Aceleyle içine doluştuğumuz vagonda insanlara bakınca gülümsemekten alamıyorum kendimi. Herkes o kadar çok somurtuyor ki, sanki belediye bedava dağıtıyor bu somurtma maskelerini.  Sonra haddim olmayarak birkaç kişinin siyah aynasında* neler var merak ediyorum. Birisi renkli balon patlatıyor, birisi arkadaşlarıyla komik konular hakkında mesajlaşıyor, birisi gayet hareketli pop müzik dinliyor. Bu haldeyken somurtmayı nasıl başarıyorlar? İnsanların tepkilerini bayağı değiştiren bir şehirsin valla.

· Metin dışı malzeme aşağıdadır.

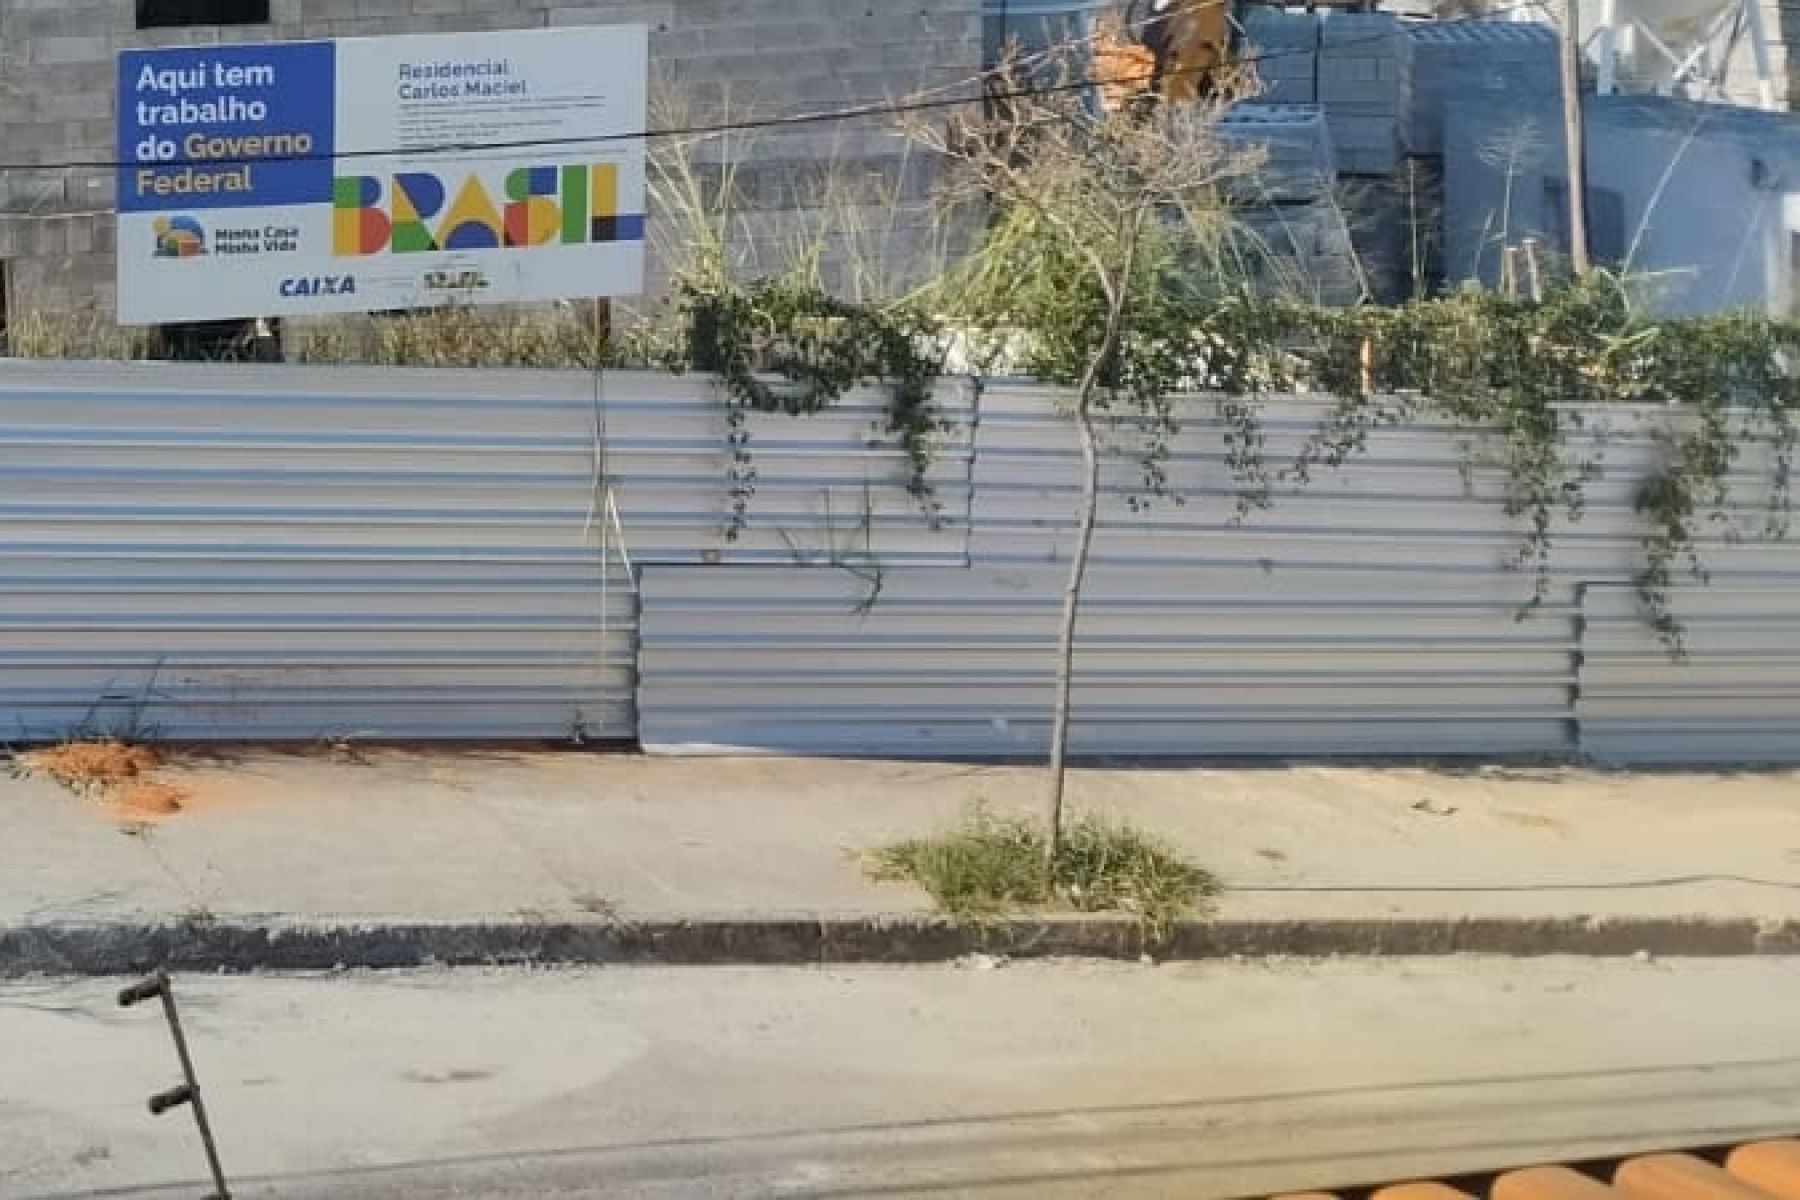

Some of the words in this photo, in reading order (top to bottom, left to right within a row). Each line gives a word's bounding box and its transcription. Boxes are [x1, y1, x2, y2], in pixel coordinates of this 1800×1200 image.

Sahne 2: İşe giderken sabah yürüdüğüm Dikilitaş-Fulya yolu

Bu yolu aylardır kullanıyorum, aynı yoldan giden bir İETT otobüsün de var, çok sağol ama ben almayayım İstanbul. Yoksa günde 10.000 adıma nasıl ulaşırım? Zaten içeridekiler de metro insanları gibi somurtma maskelerini takmışlar, yine güldürecekler beni. Neyse, yola dönelim. Bu yolda yürürken, biz yayalar için kaldırımlar zaten çok dar. Bu da yetmezmiş gibi yanda kocaman bir apartman dairesini işgal eden değerli bir İstanbullu bir de arabasını koymuş o daracık kaldırıma. Kuş gibi seke seke gidiyorum sayelerinde.  Arabalar kendileri için alttaki toprağa ve yeşilliğe azıcık bile izin vermemiş dümdüz yoldan akıp gidiyorlar. Çıkan egsozları sabah sabah solumak zorundayım diyorum, oh çok şükür! Ayıldım tabi, aşağıya Ihlamur Kasrı’na gelene kadar sonbaharın geldiğini fark edemiyorum. Ben aynı gün içerisinde fark ettim, peki her gün sabahın köründe beton apartman dairelerinden beton-cam karışımı bloklara/plazalara taşınan komşularıma ne desem ki? Zaman kavramını da değiştiriyorsun İstanbul.

Sahne 3: Apartmanda aşure dağıtırken

28 yaşımda hayatımda ilk kez aşure yapmayı denedim. 10 kase aşure oldu, hepsinin içinde bir dünya malzeme var,: buğday, fasulye, ceviz, fındık, badem, tarçın, karanfil ve üstünde de nar taneleri. Nuh’a yakışır bir puding oldu.** Sonuç olarak, güzel yani. Dedim ki, aşure yapınca komşulara dağıtmak lazım. Bizim apartman 7 katlı ama elimde kalan 5 aşureyi (diğerlerini evde yedik, afiyet olsun bize) en yakınımdaki komşulara dağıtmak için zilleri çaldım. İki üst kattaki komşumuzun zilini çaldım, bekliyorum. Amca ile Amelie  filminin son sahnesinde Amelie ile Nino gibi karşılıklı kapı ardında bekledik birkaç dakika. Duyuyorum nefesini ama açmıyor. Bakıyor bana o delikten, tabii ki aşure kasesi görüş alanının dışında. Ne zaman ki “Amcacım, aşure getirmiştim” cümlesi ağzımdan çıktı, sihirli kapı açıldı ve aşure el değiştirdi. Yoksa iki lafın belini kıralım desem, paravan arkası devam edecektik karşılıklı bekleşmeye. İletişim kurma yeteneklerimizi de geliştiriyorsun bu arada.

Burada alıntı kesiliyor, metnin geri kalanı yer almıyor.